● **Exercise instructions**: Print every record exactly.

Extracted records
________

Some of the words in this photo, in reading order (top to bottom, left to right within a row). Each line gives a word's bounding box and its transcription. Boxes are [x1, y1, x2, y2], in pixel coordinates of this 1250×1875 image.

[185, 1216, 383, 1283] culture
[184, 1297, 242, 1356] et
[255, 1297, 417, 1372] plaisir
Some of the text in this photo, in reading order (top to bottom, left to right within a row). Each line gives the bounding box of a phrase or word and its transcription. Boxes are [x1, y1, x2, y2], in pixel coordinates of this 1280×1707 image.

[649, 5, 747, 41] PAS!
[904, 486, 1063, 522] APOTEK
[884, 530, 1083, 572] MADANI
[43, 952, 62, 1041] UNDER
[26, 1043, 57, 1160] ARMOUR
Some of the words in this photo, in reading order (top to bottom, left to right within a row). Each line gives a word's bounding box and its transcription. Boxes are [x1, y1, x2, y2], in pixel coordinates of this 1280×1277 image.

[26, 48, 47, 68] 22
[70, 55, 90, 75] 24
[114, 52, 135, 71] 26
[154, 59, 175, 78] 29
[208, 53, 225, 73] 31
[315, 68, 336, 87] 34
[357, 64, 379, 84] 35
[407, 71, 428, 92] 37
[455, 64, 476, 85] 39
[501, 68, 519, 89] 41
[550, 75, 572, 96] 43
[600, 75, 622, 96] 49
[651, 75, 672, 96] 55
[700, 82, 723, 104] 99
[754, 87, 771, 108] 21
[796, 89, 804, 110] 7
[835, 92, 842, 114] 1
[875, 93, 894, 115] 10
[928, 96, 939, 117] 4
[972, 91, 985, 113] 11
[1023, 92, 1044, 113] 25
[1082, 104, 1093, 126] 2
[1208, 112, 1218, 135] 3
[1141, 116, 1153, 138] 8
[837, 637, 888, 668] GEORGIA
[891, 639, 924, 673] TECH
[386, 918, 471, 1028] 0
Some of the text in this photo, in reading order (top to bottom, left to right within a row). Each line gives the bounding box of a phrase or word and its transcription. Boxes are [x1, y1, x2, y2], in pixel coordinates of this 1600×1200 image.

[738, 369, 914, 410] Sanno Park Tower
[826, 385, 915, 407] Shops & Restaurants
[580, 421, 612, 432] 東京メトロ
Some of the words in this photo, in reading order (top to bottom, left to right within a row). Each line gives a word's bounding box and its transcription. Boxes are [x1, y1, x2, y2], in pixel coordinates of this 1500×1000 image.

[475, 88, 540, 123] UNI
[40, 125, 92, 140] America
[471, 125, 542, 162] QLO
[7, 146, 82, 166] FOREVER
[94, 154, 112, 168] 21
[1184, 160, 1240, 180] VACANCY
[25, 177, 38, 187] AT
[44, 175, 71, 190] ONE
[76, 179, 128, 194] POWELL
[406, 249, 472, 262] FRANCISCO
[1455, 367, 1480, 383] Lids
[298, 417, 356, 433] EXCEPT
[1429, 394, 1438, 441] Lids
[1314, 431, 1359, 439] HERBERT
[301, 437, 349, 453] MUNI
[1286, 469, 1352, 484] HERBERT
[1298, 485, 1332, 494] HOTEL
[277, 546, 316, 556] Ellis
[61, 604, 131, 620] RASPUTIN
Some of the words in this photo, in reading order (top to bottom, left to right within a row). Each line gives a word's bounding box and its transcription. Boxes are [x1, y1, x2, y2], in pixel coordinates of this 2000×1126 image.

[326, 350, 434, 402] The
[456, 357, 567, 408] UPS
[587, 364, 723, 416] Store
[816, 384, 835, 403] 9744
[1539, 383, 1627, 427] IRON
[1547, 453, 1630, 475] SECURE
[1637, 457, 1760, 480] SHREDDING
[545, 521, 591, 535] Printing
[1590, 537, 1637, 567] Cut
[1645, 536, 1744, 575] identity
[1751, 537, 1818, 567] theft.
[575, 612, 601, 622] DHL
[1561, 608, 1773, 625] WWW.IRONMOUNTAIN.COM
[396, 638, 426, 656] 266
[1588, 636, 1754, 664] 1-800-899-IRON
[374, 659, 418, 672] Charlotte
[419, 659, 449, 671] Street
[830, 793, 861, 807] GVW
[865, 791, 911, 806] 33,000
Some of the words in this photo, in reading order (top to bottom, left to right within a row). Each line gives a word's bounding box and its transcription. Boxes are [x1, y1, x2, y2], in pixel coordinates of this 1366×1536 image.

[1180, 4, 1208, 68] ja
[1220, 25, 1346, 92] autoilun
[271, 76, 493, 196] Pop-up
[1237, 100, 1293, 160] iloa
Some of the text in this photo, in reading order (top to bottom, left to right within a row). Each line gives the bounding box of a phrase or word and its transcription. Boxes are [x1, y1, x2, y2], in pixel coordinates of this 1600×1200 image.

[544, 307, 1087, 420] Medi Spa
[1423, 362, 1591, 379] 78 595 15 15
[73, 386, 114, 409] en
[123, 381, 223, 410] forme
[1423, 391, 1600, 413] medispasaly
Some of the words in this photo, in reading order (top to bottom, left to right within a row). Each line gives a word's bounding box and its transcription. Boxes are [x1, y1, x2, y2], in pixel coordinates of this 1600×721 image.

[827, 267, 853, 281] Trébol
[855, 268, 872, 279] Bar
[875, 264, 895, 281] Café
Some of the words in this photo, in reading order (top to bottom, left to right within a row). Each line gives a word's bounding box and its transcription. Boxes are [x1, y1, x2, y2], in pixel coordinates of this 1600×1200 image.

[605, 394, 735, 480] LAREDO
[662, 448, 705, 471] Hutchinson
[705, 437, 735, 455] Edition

________

● **Result of this task**:
Some of the words in this photo, in reading order (top to bottom, left to right within a row). Each line gives a word's bounding box and its transcription. Boxes are [x1, y1, x2, y2], in pixel coordinates of this 1250×1875 image.

[185, 1216, 383, 1283] culture
[184, 1297, 242, 1356] et
[255, 1297, 417, 1372] plaisir
Some of the text in this photo, in reading order (top to bottom, left to right within a row). Each line gives the bounding box of a phrase or word and its transcription. Boxes are [x1, y1, x2, y2], in pixel coordinates of this 1280×1707 image.

[649, 5, 747, 41] PAS!
[904, 486, 1063, 522] APOTEK
[884, 530, 1083, 572] MADANI
[43, 952, 62, 1041] UNDER
[26, 1043, 57, 1160] ARMOUR
Some of the words in this photo, in reading order (top to bottom, left to right within a row). Each line gives a word's bounding box and its transcription. Boxes are [x1, y1, x2, y2], in pixel coordinates of this 1280×1277 image.

[26, 48, 47, 68] 22
[70, 55, 90, 75] 24
[114, 52, 135, 71] 26
[154, 59, 175, 78] 29
[208, 53, 225, 73] 31
[315, 68, 336, 87] 34
[357, 64, 379, 84] 35
[407, 71, 428, 92] 37
[455, 64, 476, 85] 39
[501, 68, 519, 89] 41
[550, 75, 572, 96] 43
[600, 75, 622, 96] 49
[651, 75, 672, 96] 55
[700, 82, 723, 104] 99
[754, 87, 771, 108] 21
[796, 89, 804, 110] 7
[835, 92, 842, 114] 1
[875, 93, 894, 115] 10
[928, 96, 939, 117] 4
[972, 91, 985, 113] 11
[1023, 92, 1044, 113] 25
[1082, 104, 1093, 126] 2
[1208, 112, 1218, 135] 3
[1141, 116, 1153, 138] 8
[837, 637, 888, 668] GEORGIA
[891, 639, 924, 673] TECH
[386, 918, 471, 1028] 0
Some of the text in this photo, in reading order (top to bottom, left to right within a row). Each line gives the bounding box of a phrase or word and its transcription. Boxes are [x1, y1, x2, y2], in pixel coordinates of this 1600×1200 image.

[738, 369, 914, 410] Sanno Park Tower
[826, 385, 915, 407] Shops & Restaurants
[580, 421, 612, 432] 東京メトロ
Some of the words in this photo, in reading order (top to bottom, left to right within a row). Each line gives a word's bounding box and its transcription. Boxes are [x1, y1, x2, y2], in pixel coordinates of this 1500×1000 image.

[475, 88, 540, 123] UNI
[40, 125, 92, 140] America
[471, 125, 542, 162] QLO
[7, 146, 82, 166] FOREVER
[94, 154, 112, 168] 21
[1184, 160, 1240, 180] VACANCY
[25, 177, 38, 187] AT
[44, 175, 71, 190] ONE
[76, 179, 128, 194] POWELL
[406, 249, 472, 262] FRANCISCO
[1455, 367, 1480, 383] Lids
[298, 417, 356, 433] EXCEPT
[1429, 394, 1438, 441] Lids
[1314, 431, 1359, 439] HERBERT
[301, 437, 349, 453] MUNI
[1286, 469, 1352, 484] HERBERT
[1298, 485, 1332, 494] HOTEL
[277, 546, 316, 556] Ellis
[61, 604, 131, 620] RASPUTIN
Some of the words in this photo, in reading order (top to bottom, left to right within a row). Each line gives a word's bounding box and its transcription. Boxes are [x1, y1, x2, y2], in pixel coordinates of this 2000×1126 image.

[326, 350, 434, 402] The
[456, 357, 567, 408] UPS
[587, 364, 723, 416] Store
[816, 384, 835, 403] 9744
[1539, 383, 1627, 427] IRON
[1547, 453, 1630, 475] SECURE
[1637, 457, 1760, 480] SHREDDING
[545, 521, 591, 535] Printing
[1590, 537, 1637, 567] Cut
[1645, 536, 1744, 575] identity
[1751, 537, 1818, 567] theft.
[575, 612, 601, 622] DHL
[1561, 608, 1773, 625] WWW.IRONMOUNTAIN.COM
[396, 638, 426, 656] 266
[1588, 636, 1754, 664] 1-800-899-IRON
[374, 659, 418, 672] Charlotte
[419, 659, 449, 671] Street
[830, 793, 861, 807] GVW
[865, 791, 911, 806] 33,000
Some of the words in this photo, in reading order (top to bottom, left to right within a row). Each line gives a word's bounding box and its transcription. Boxes are [x1, y1, x2, y2], in pixel coordinates of this 1366×1536 image.

[1180, 4, 1208, 68] ja
[1220, 25, 1346, 92] autoilun
[271, 76, 493, 196] Pop-up
[1237, 100, 1293, 160] iloa
Some of the text in this photo, in reading order (top to bottom, left to right within a row). Each line gives the bounding box of a phrase or word and its transcription. Boxes are [x1, y1, x2, y2], in pixel coordinates of this 1600×1200 image.

[544, 307, 1087, 420] Medi Spa
[1423, 362, 1591, 379] 78 595 15 15
[73, 386, 114, 409] en
[123, 381, 223, 410] forme
[1423, 391, 1600, 413] medispasaly
Some of the words in this photo, in reading order (top to bottom, left to right within a row). Each line gives a word's bounding box and its transcription. Boxes are [x1, y1, x2, y2], in pixel coordinates of this 1600×721 image.

[827, 267, 853, 281] Trébol
[855, 268, 872, 279] Bar
[875, 264, 895, 281] Café
Some of the words in this photo, in reading order (top to bottom, left to right within a row). Each line gives a word's bounding box and its transcription. Boxes are [x1, y1, x2, y2], in pixel coordinates of this 1600×1200 image.

[605, 394, 735, 480] LAREDO
[662, 448, 705, 471] Hutchinson
[705, 437, 735, 455] Edition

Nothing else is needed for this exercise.